Lejos de abandonar a los residentes, muchos equipos médicos se desplazaron a las residencias para apoyar a los profesionales locales, llevando oxígeno, medicamentos, formación y, sobre todo, consuelo. Se buscó humanizar el final de la vida, evitando el encarnizamiento terapéutico y priorizando la dignidad y el confort de los pacientes. Estas decisiones, aunque clínicamente fundamentadas, no fueron fáciles. Cada una llevaba consigo una carga emocional inmensa para los profesionales, quienes trabajaban en primera línea con lágrimas, impotencia y un profundo sentido de responsabilidad.
Es innegable que estas decisiones dejaron un profundo dolor en muchas familias. La rapidez de los acontecimientos, el aislamiento impuesto por las medidas sanitarias, la falta de información clara y el miedo colectivo intensificaron la sensación de abandono. Para quienes perdieron a un ser querido, ninguna explicación puede llenar el vacío de su ausencia. Sin embargo, es importante comprender que estas decisiones no se tomaron desde la frialdad de un despacho, sino en el fragor de una crisis que superó todas las previsiones.

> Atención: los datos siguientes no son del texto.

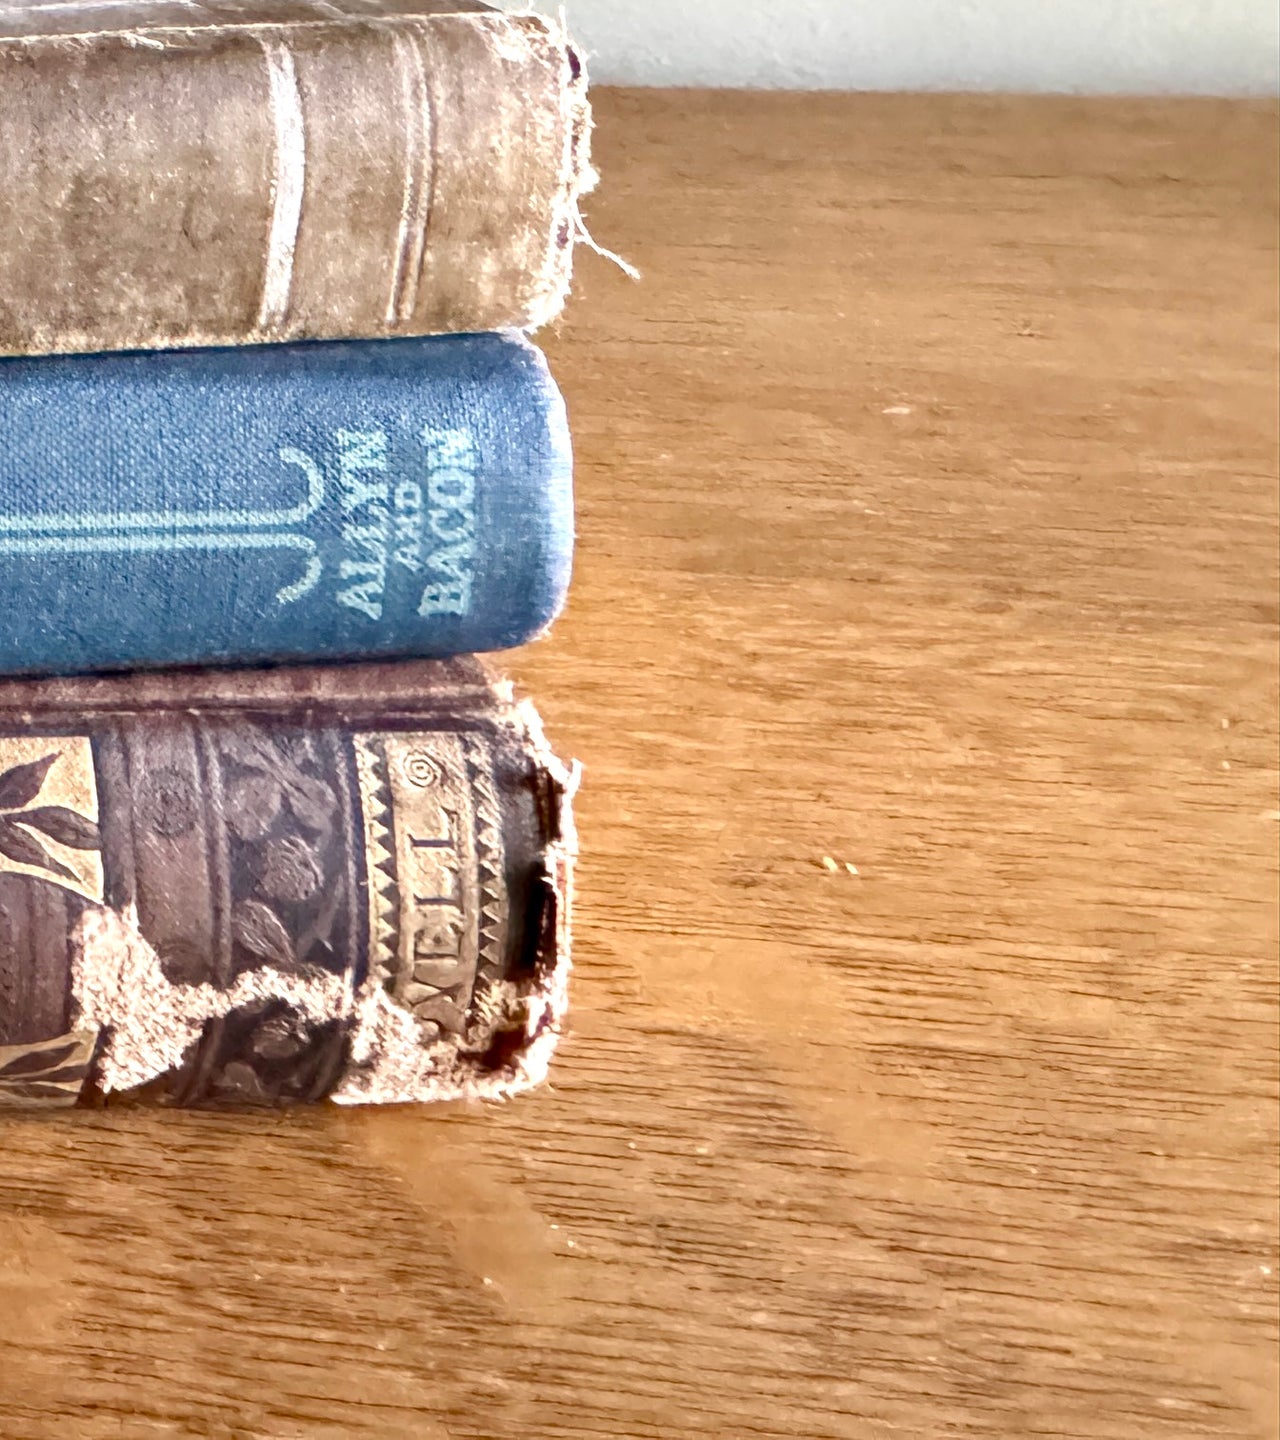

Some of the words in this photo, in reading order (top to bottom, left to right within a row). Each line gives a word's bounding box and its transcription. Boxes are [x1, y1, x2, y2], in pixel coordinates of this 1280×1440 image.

[336, 426, 389, 621] ALLYN
[392, 479, 425, 573] AND
[416, 424, 476, 618] BACON
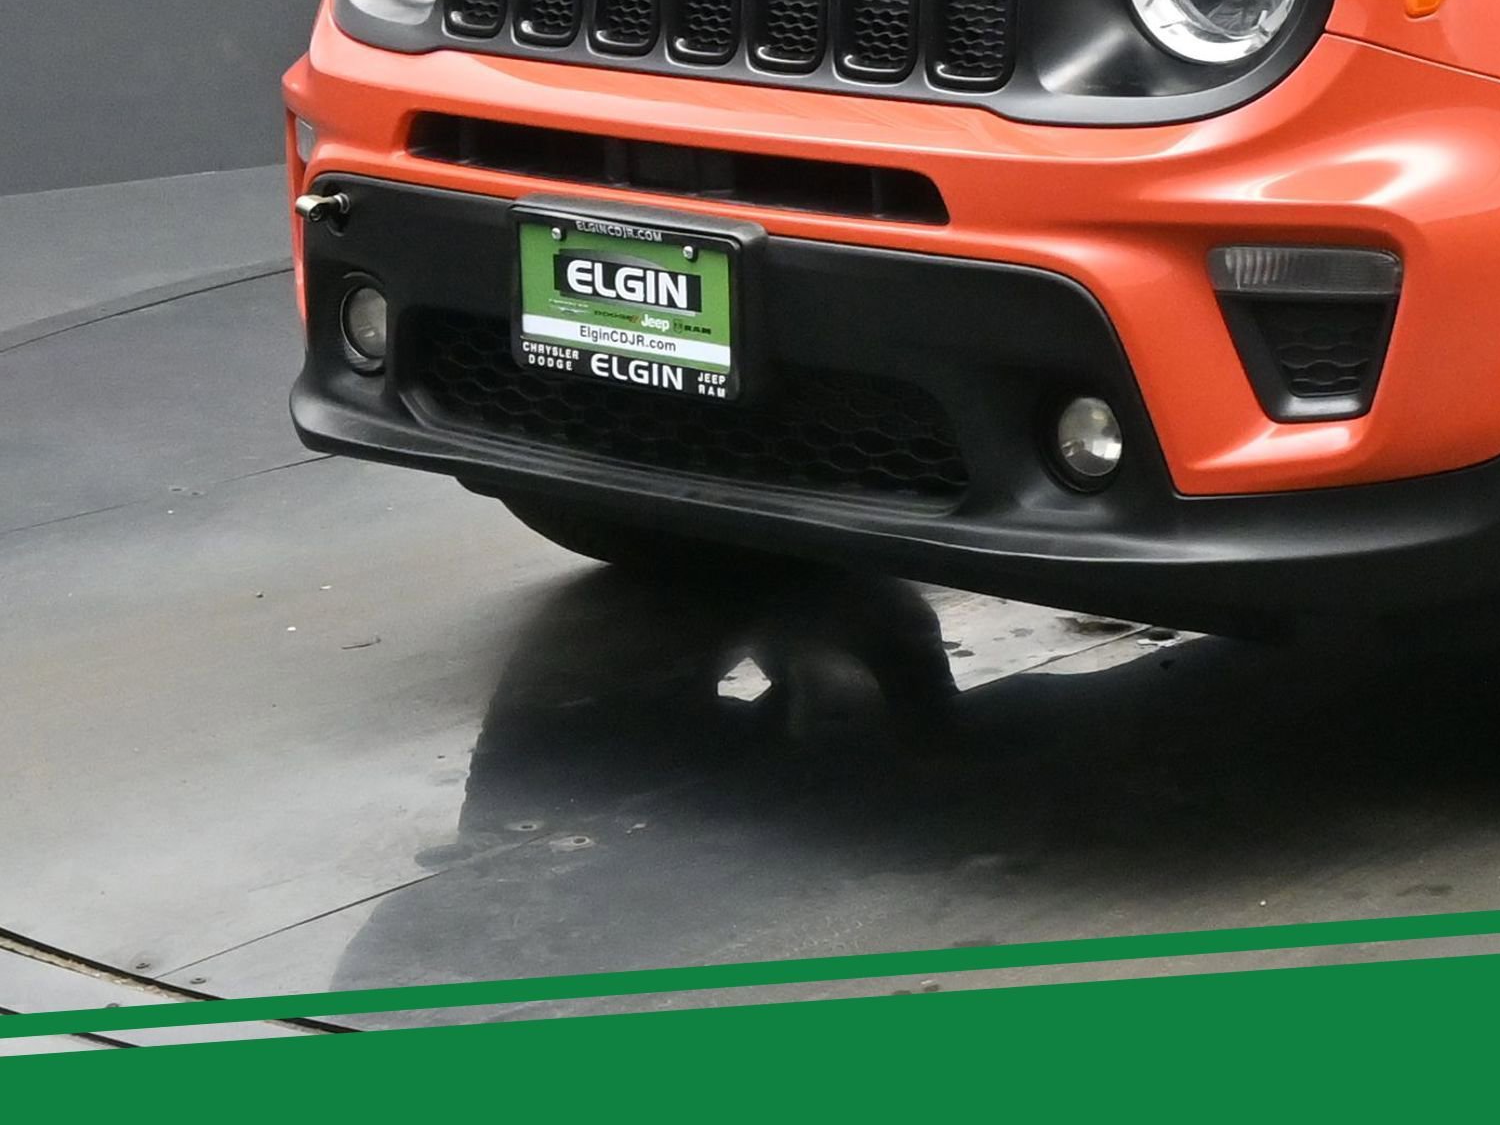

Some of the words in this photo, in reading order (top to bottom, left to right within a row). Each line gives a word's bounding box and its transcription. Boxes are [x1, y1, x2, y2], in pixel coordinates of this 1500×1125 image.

Los profesionales sanitarios, desbordados y exhaustos, actuaron guiados por principios éticos y clínicos, buscando el mayor bien posible en un contexto donde no existían soluciones ideales.
Además, estas medidas no fueron exclusivas de España. Países como Italia, Francia y el Reino Unido enfrentaron dilemas similares y aplicaron protocolos de triaje basados en guías clínicas y de bioética internacionales. La decisión de no trasladar masivamente a todos los residentes a hospitales respondió también a la necesidad de proteger el sistema sanitario en su conjunto. Un colapso total habría impedido atender no solo a los ancianos, sino también a pacientes más jóvenes o con mejores probabilidades de recuperación. Fue, en esencia, una elección trágica entre males inevitables.
Este análisis no pretende justificar ni minimizar el sufrimiento de las familias. Más bien, busca ofrecer un marco para comprender las decisiones tomadas en un momento de crisis extrema, donde la incertidumbre, la escasez y la urgencia marcaron cada paso. Como sociedad, debemos reflexionar sobre cómo mejorar la preparación ante futuras crisis, fortalecer el sistema sanitario y garantizar una comunicación más clara y humana con las familias. Solo a través de esta reflexión colectiva podremos honrar a quienes nos dejaron y construir un futuro más resiliente.
Entendemos que ninguna explicación puede sanar por completo el dolor de la pérdida. Pero esperamos que comprender el contexto, los valores éticos y los criterios científicos que guiaron estas decisiones pueda, al menos, ofrecer una honesta información a jueces y ciudadanos, y un pequeño consuelo a familiares que suavice las heridas de una tragedia que marcó a toda una generación.